The estimated reading time for this post is 2 minutes.
I know, that’s an obvious statement.
I’m an introvert. An extreme introvert. On those Myers-Briggs tests, I can waver on the last three things, and have over the years, but I have always, always been an introvert, and have grown more introverted over the years. Give me a book and a chair, and I’m good for an hour. Give me snacks and water, and I’m good for two. Down time, alone time, time when it’s just me and the cats and a book or tv and knitting, these are essential for my mental health. I need time away from people so I can recharge.
It’s part of the reason I have had such a hard time quitting smoking. “Needing” a cigarette gives me a chance to step away from the center of the event, go to the outskirts, away from the noise and the conversation, and just be alone for a few minutes.
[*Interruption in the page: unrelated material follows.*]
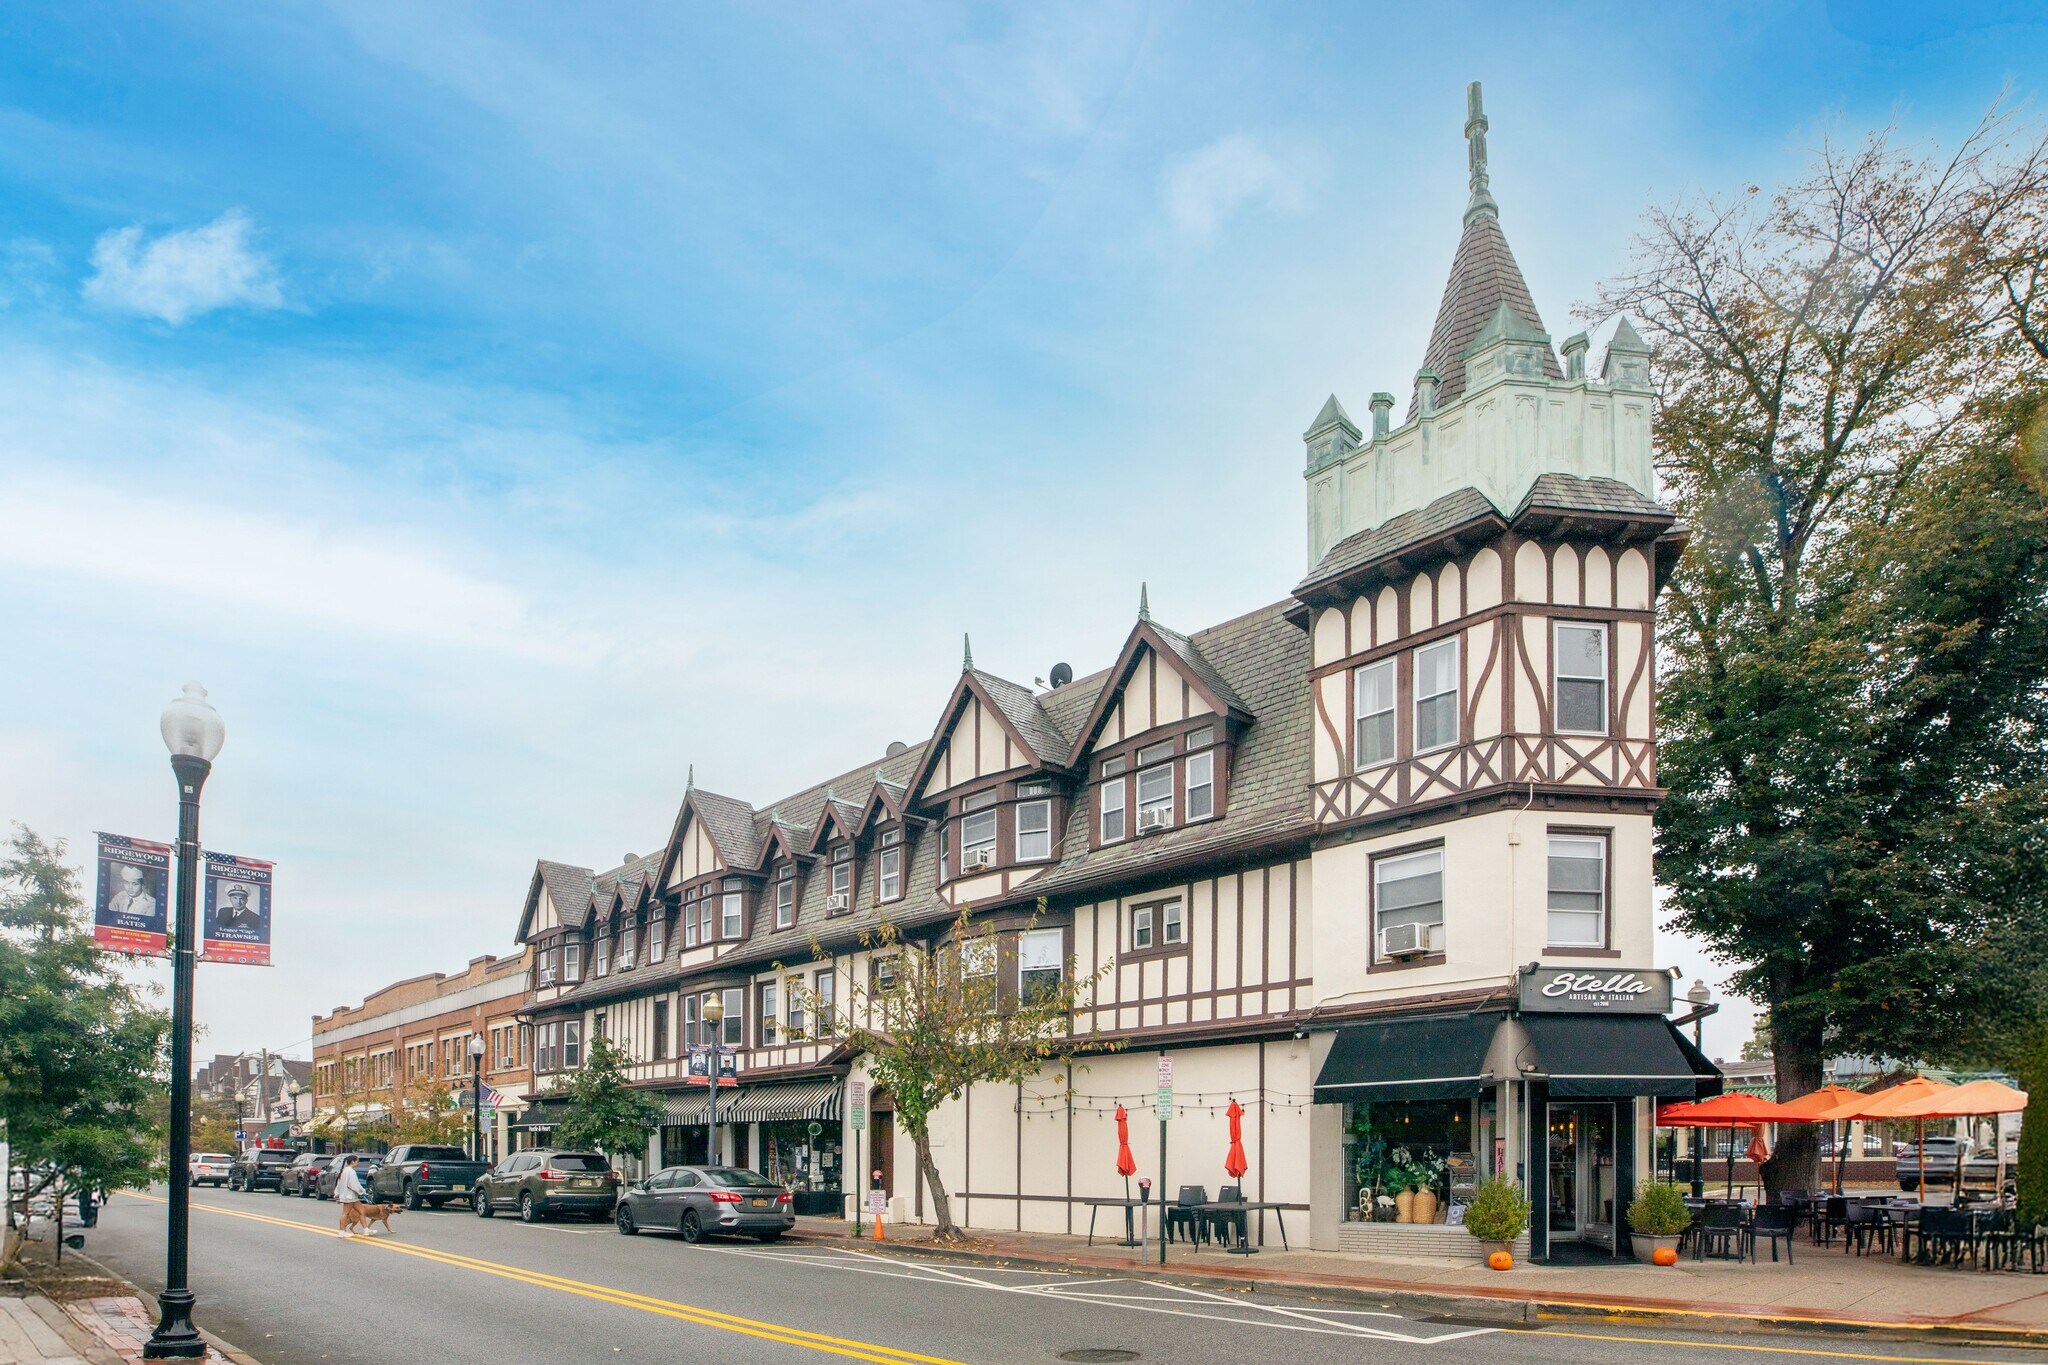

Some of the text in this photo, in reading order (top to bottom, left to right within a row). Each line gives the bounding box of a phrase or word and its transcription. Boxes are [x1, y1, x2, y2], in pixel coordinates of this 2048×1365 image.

When my husband is away from home, suddenly my time is all my own. I don’t have to consider anyone else (within reason). I can go on a date. See the boyfriend. Go to the library. Skip dinner. Read all day. Binge watch American Horror Story or the Incredible Kimmy Schmidt while knitting a sock or coloring.
Sometimes I feel bad for not missing my husband more when he’s gone. But I have all this time, time to myself, where it’s possible no one knows where I am or what I’m doing at that particular moment, and there’s something comfortable about that for me. I’ve never liked having too many people keeping tabs on me; I’ve never been one for checking in, really.
I do check in, of course. Husband calls me in the morning on his way to work and I call him at night on my way to bed. Because my life is so solitary when he’s gone, usually the most interesting thing I have to talk about is a cat story, some stupid thing they did, or something I heard on a podcast (they’re good dogs Brent). Sometimes I ramble on about my books, or out-there ideas. I work crosswords or sudoku while I talk to him at night, to help me wind down. (How a puzzle helps my brain relax, I don’t know.)
Are you in a long distance relationship? How do you stay connected with your partner?